- _Exercise requirements_:
Only the lines from the one with "this 1280×1280 image." to the end of the data below should be given again, exactly, with both ends included and pictures omitted.

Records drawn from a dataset
######

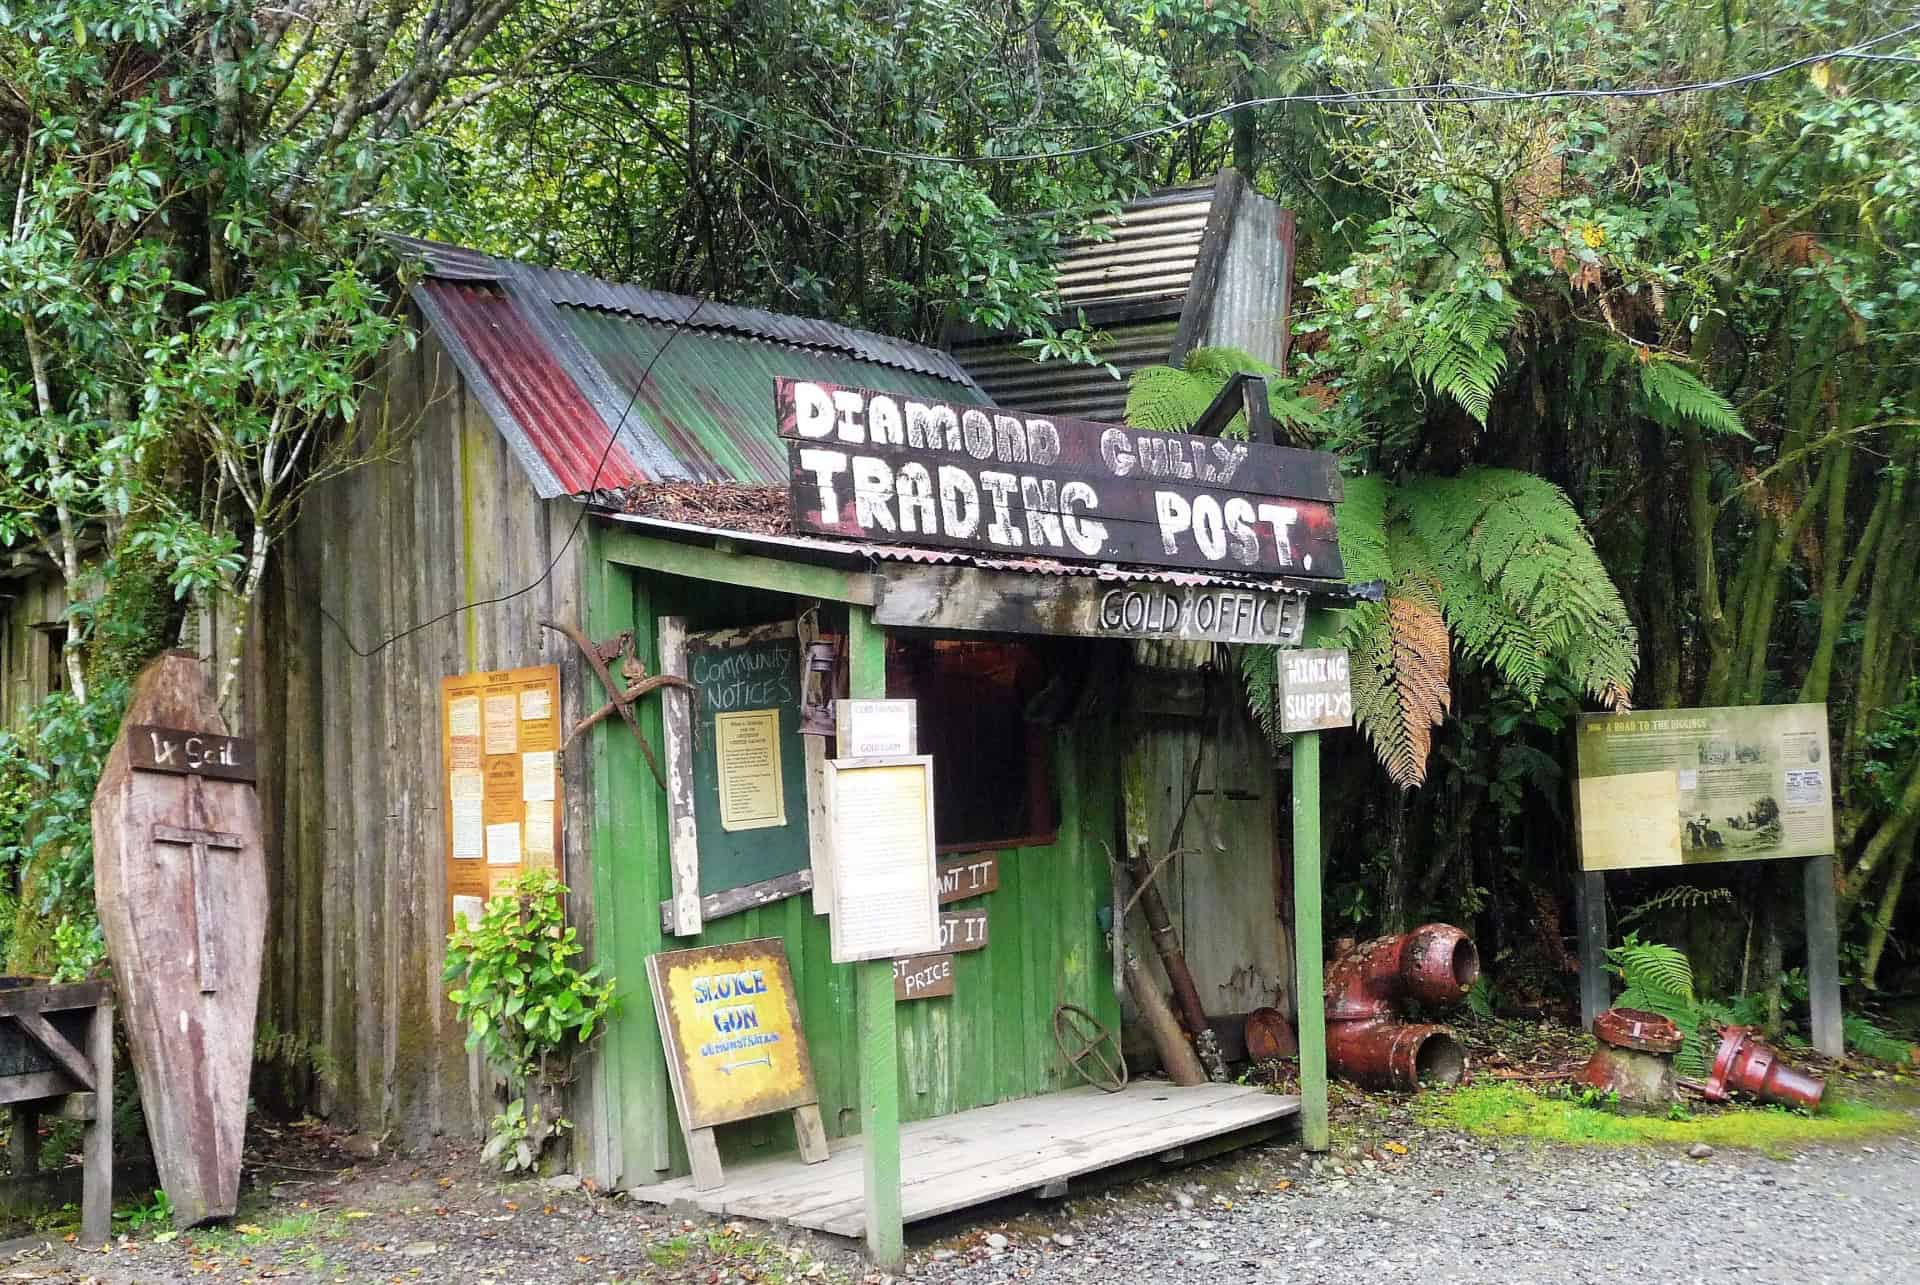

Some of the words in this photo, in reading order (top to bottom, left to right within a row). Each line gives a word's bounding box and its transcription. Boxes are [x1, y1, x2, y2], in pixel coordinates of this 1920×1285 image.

[794, 382, 1060, 465] DIAMOND
[1101, 428, 1248, 483] GULLY
[800, 449, 1108, 556] TRADING
[1101, 588, 1179, 633] GOLD
[1195, 592, 1297, 638] OFFICE
[1286, 655, 1347, 684] MINING
[707, 673, 793, 709] NOTICES
[936, 867, 964, 896] ANT
[967, 860, 993, 889] IT
[939, 919, 959, 947] OT
[964, 917, 987, 942] IT
[693, 970, 768, 1004] SLUICE
[904, 961, 951, 997] PRICE
[712, 1005, 759, 1034] GUN
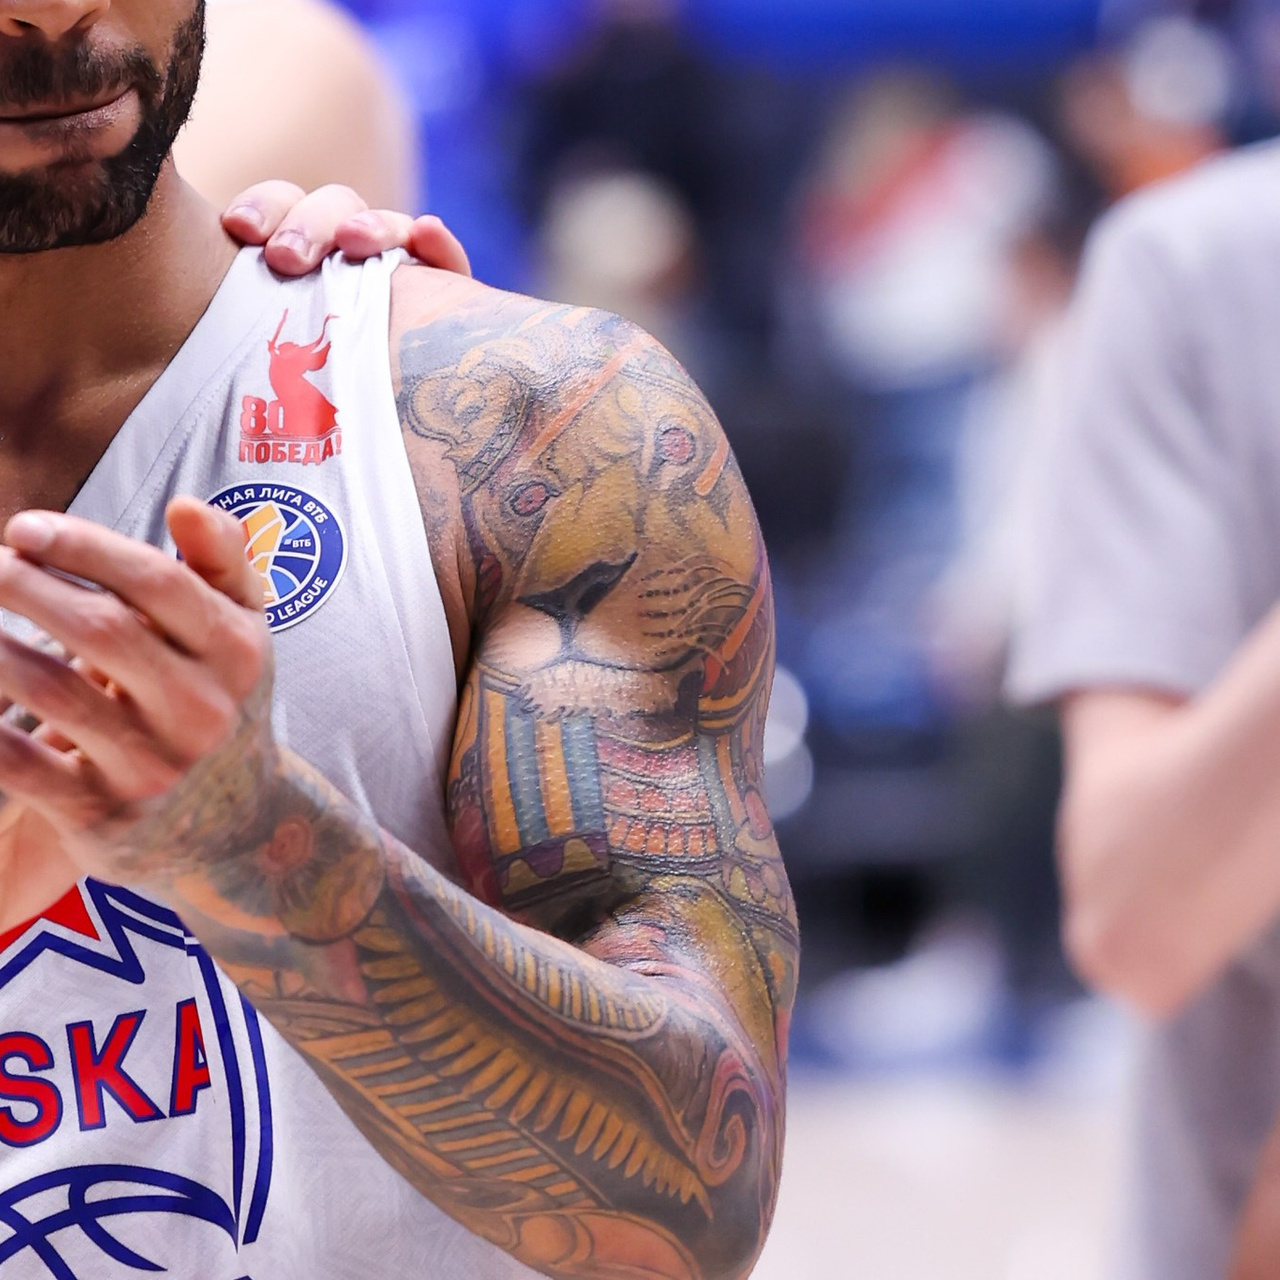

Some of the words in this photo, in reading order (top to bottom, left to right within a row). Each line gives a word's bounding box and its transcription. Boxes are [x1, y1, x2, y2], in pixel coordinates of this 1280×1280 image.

[239, 433, 342, 466] ПОБЕДА!
[259, 487, 302, 507] ЛИГА
[303, 501, 329, 524] ВТБ
[292, 538, 312, 548] ВТБ
[277, 576, 328, 621] LEAGUE
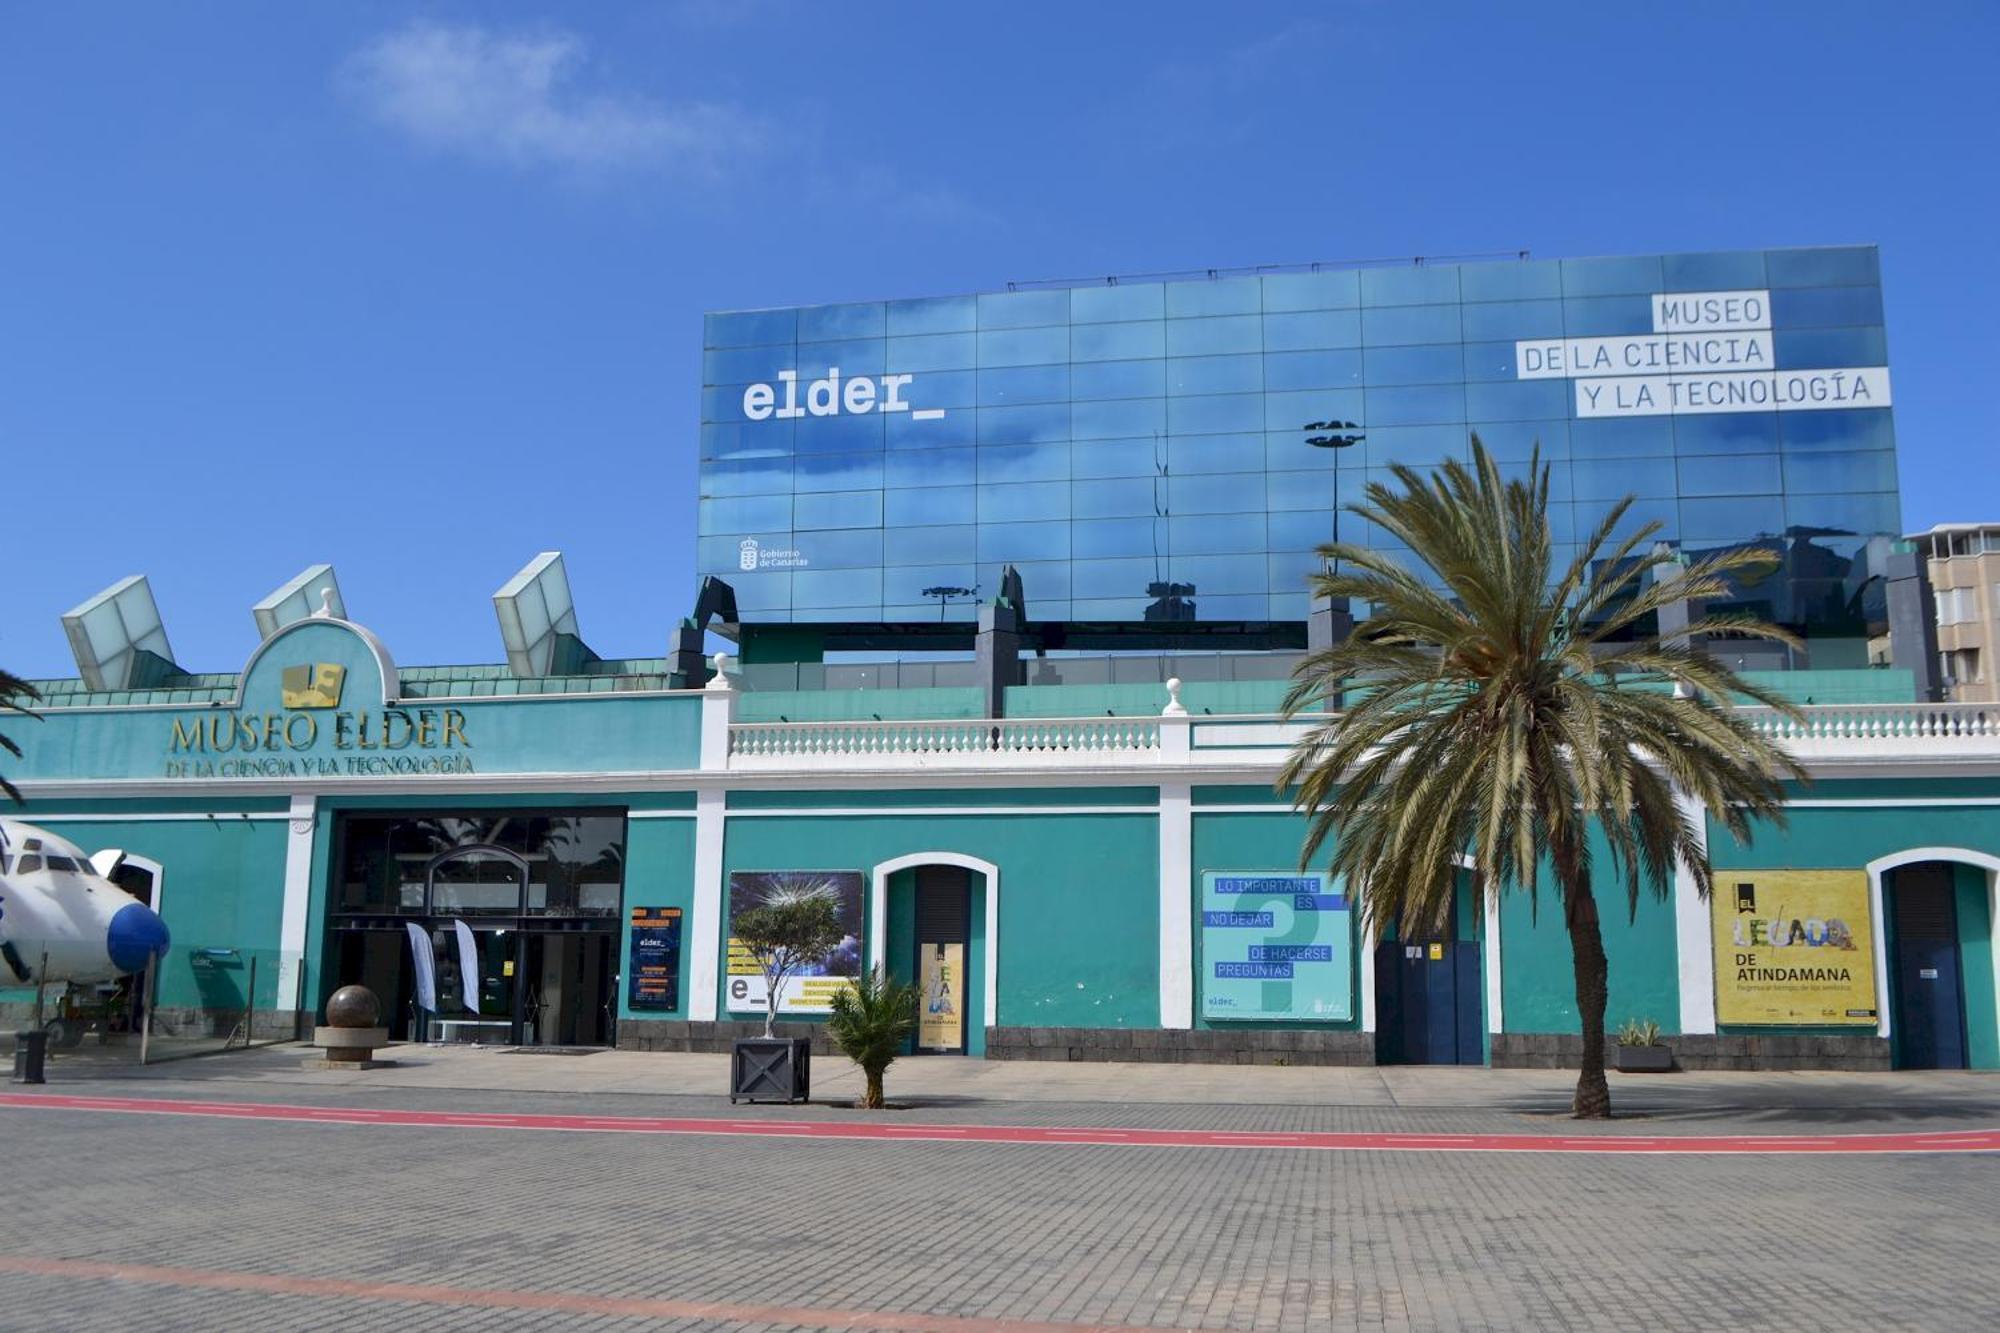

######

- _Response box_:
Some of the words in this photo, in reading order (top to bottom, left to right within a row). Each line gives a word's bounding box and its transcription. Boxes are [x1, y1, x2, y2], in pixel coordinates of this 1280×1280 image.

[239, 433, 342, 466] ПОБЕДА!
[259, 487, 302, 507] ЛИГА
[303, 501, 329, 524] ВТБ
[292, 538, 312, 548] ВТБ
[277, 576, 328, 621] LEAGUE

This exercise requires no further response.